The frequency of the sound waves is 20 kHz . If the speed of the sound in is \( 1500 \mathrm{~m} \cdot \mathrm{~s}^{-1} \), calculate the wavelength of the sound waves in water.

To calculate the wavelength of sound waves, you can use the formula: \[ \text{Wavelength} (\lambda) = \frac{\text{Speed of Sound} (v)}{\text{Frequency} (f)} \] Given that the speed of sound in water is \(1500 \, \text{m/s}\) and the frequency is \(20 \, \text{kHz} = 20,000 \, \text{Hz}\), you can substitute these values into the formula: \[ \lambda = \frac{1500 \, \text{m/s}}{20000 \, \text{Hz}} = 0.075 \, \text{m} = 7.5 \, \text{cm} \] So, the wavelength of the sound waves in water is \(7.5 \, \text{cm}\). --- Did you know that sound travels faster in water than in air?

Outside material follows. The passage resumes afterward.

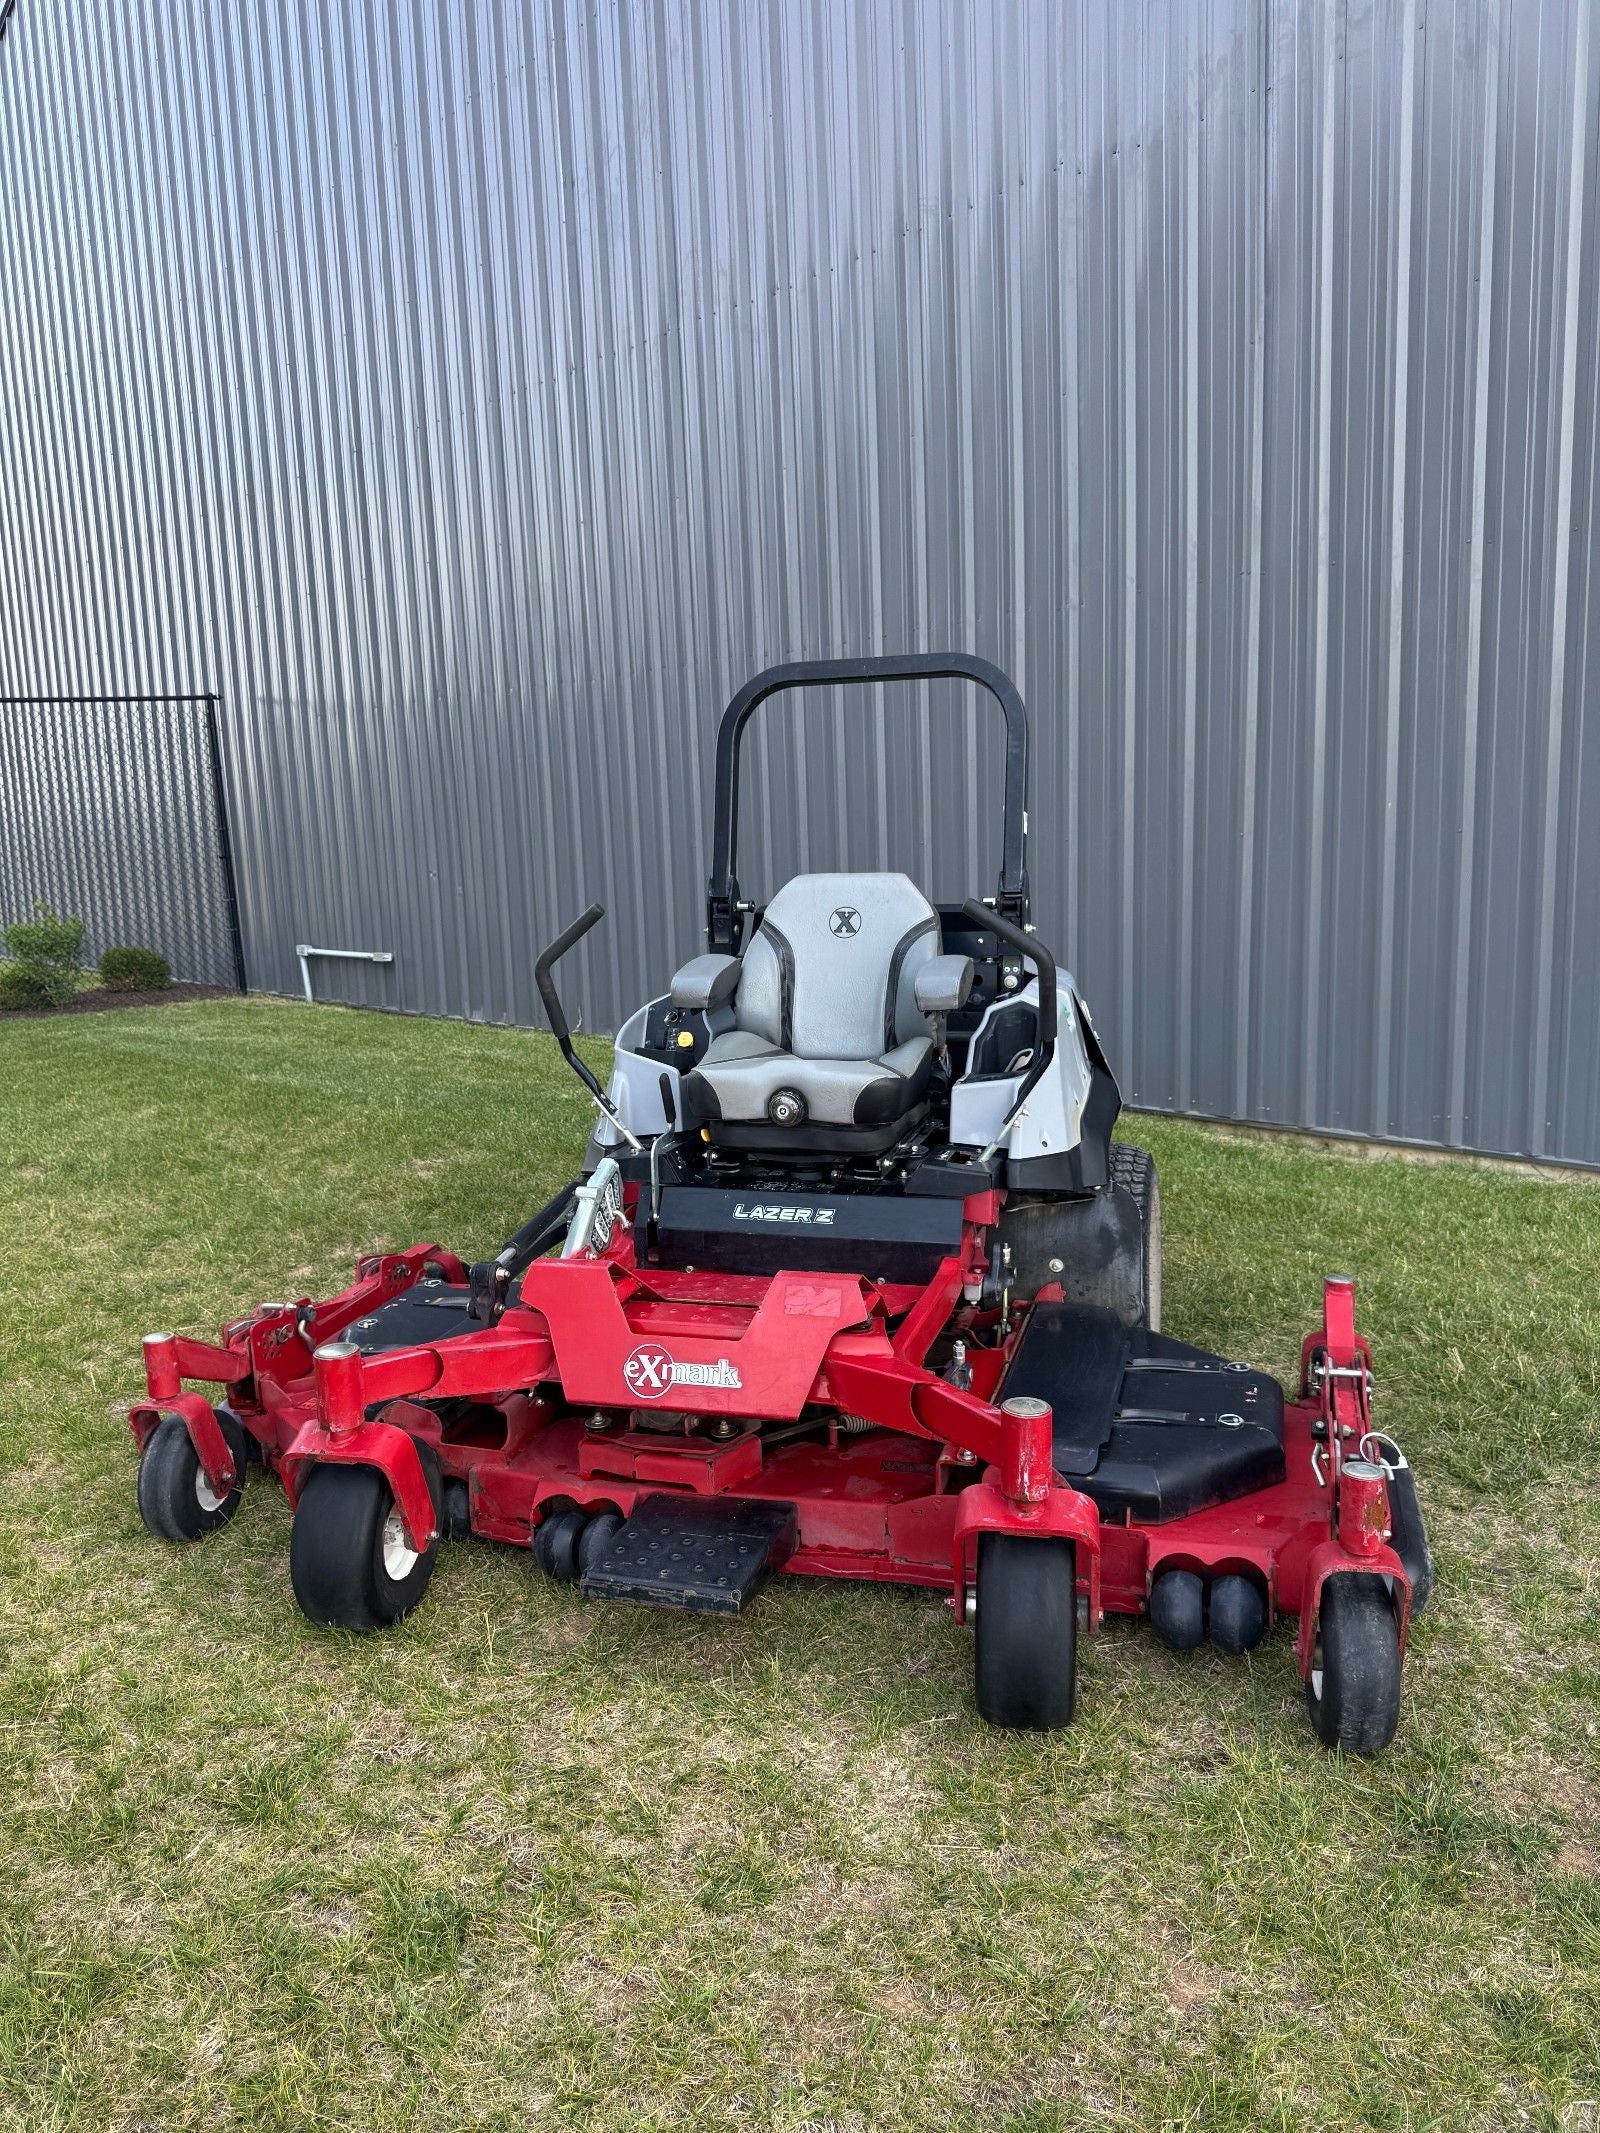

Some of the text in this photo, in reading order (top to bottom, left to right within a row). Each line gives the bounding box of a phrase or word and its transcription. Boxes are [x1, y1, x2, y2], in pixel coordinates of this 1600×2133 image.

[832, 910, 858, 934] X
[733, 1203, 836, 1225] LAZER Z
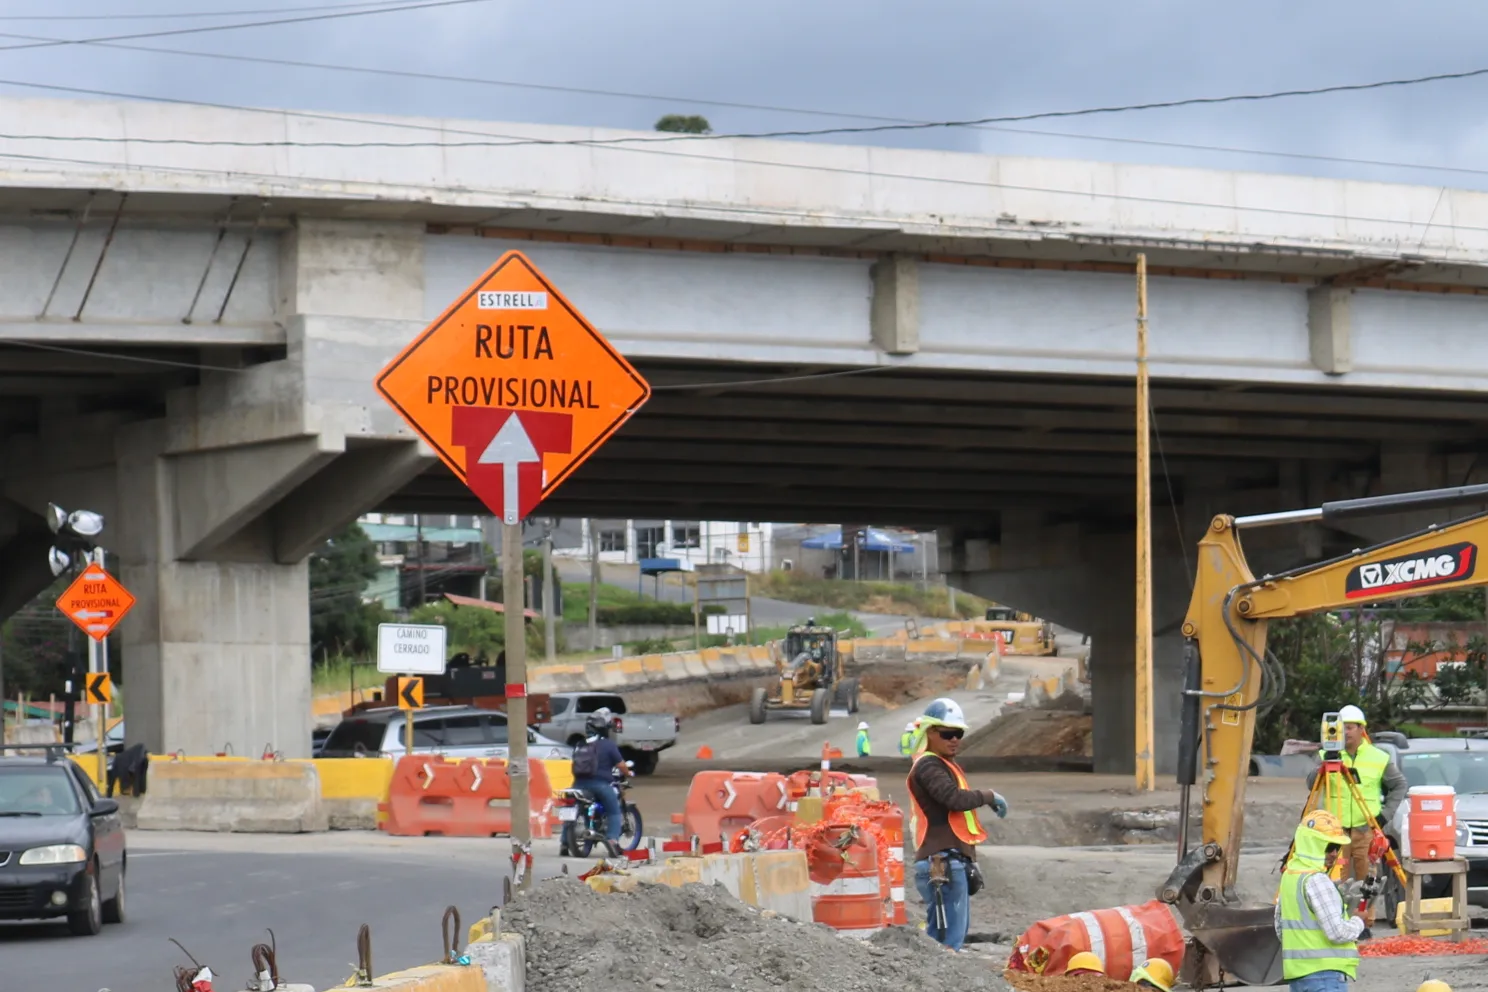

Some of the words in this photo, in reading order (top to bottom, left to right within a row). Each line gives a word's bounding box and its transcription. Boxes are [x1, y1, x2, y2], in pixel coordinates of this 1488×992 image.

This is because water is denser than air, allowing sound waves to transmit more quickly. In fact, the speed of sound in air is about \(343 \, \text{m/s}\). So when you're underwater, those little "thuds" can travel much faster! Additionally, this concept isn’t just academic! Understanding sound wavelengths is crucial in various fields, like underwater communication and sonar technology. Submarines utilize these principles to navigate and detect objects, making waves of scientific advancement in marine exploration!